===== RECORDS FOR THIS TASK
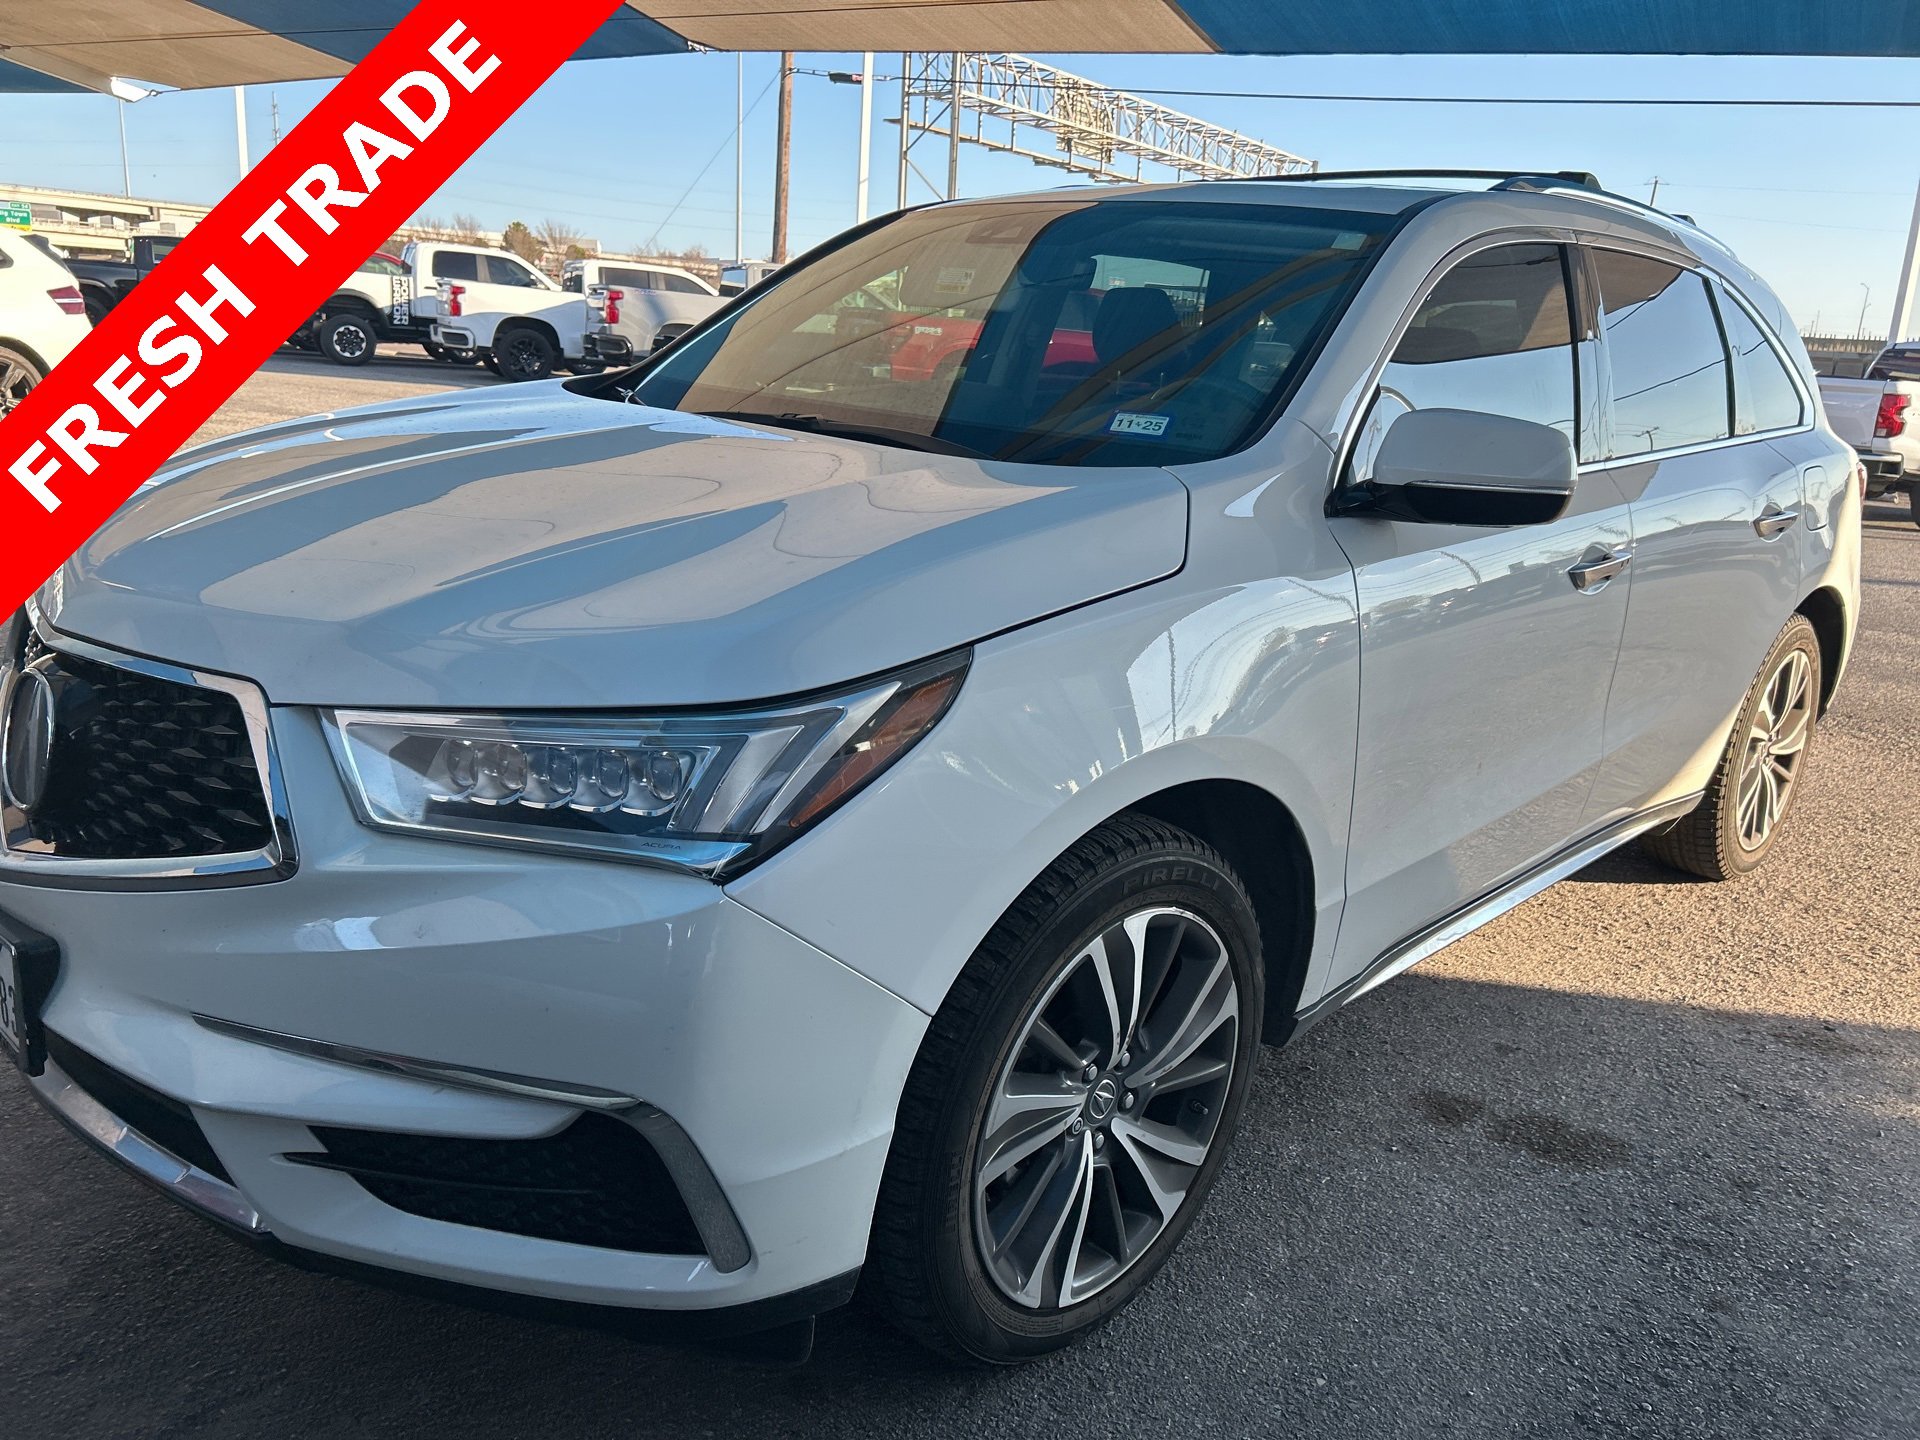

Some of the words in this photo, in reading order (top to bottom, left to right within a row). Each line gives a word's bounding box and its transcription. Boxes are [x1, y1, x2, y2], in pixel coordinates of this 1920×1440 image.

[393, 276, 401, 325] WAGON
[401, 276, 409, 325] POWER
[641, 842, 681, 850] ACURA
[1122, 865, 1220, 895] PIRELLI
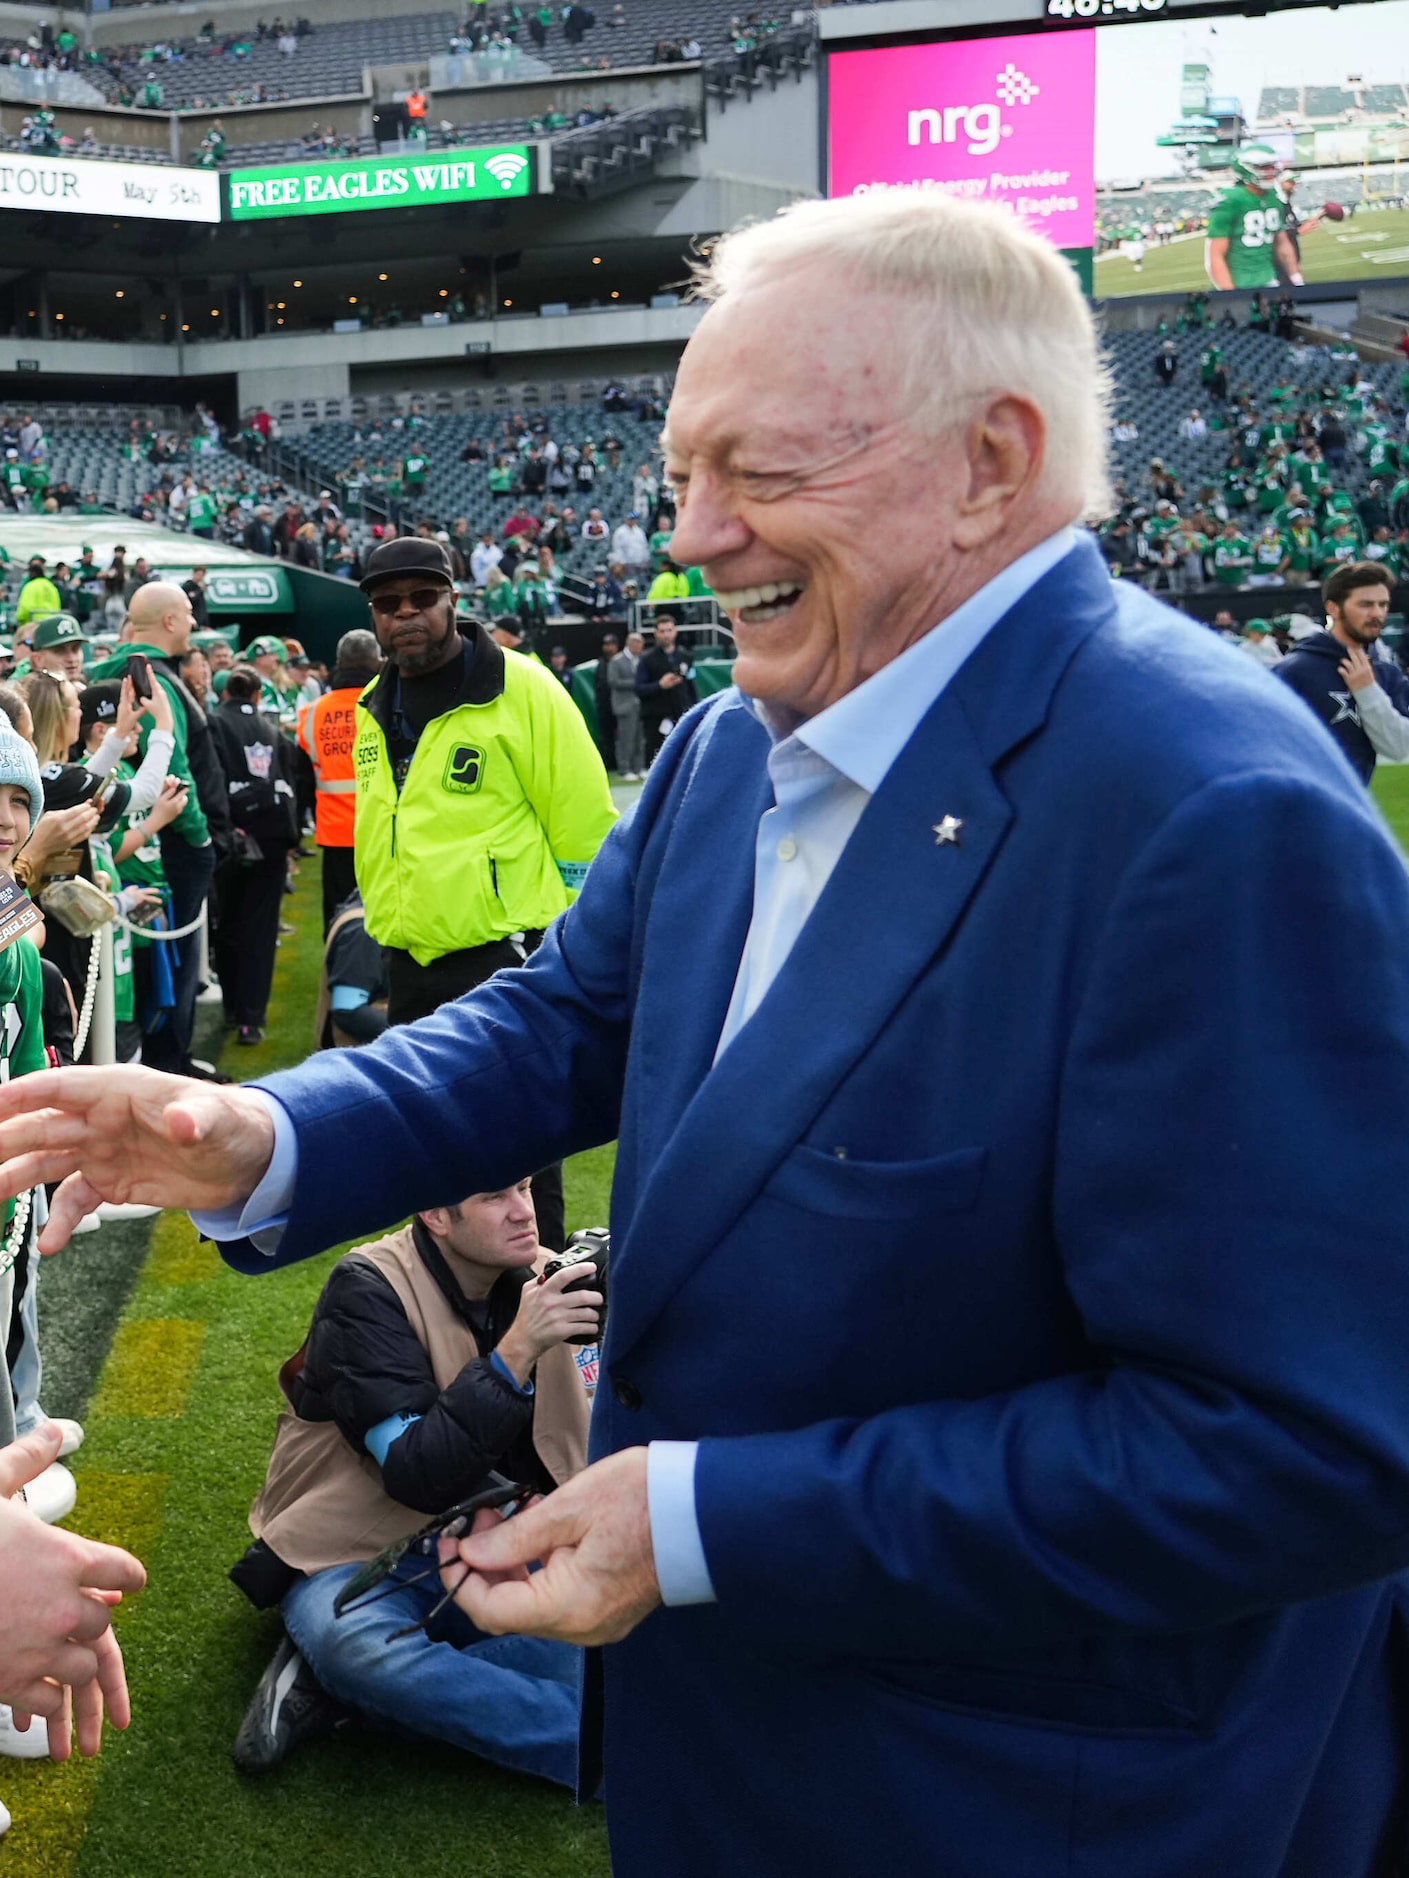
==========
* **TASK DESCRIPTION**:
Reproduce the data verbatim. Do not carry any picture into the copy.

* **RESPONSE FOR THIS EXERCISE**:
Some of the words in this photo, in reading order (top to bottom, left to right within a row). Each line gives a word's bounding box and its transcription. Boxes are [x1, y1, x2, y2], in pixel coordinates of this 1920×1440 image.

[393, 276, 401, 325] WAGON
[401, 276, 409, 325] POWER
[641, 842, 681, 850] ACURA
[1122, 865, 1220, 895] PIRELLI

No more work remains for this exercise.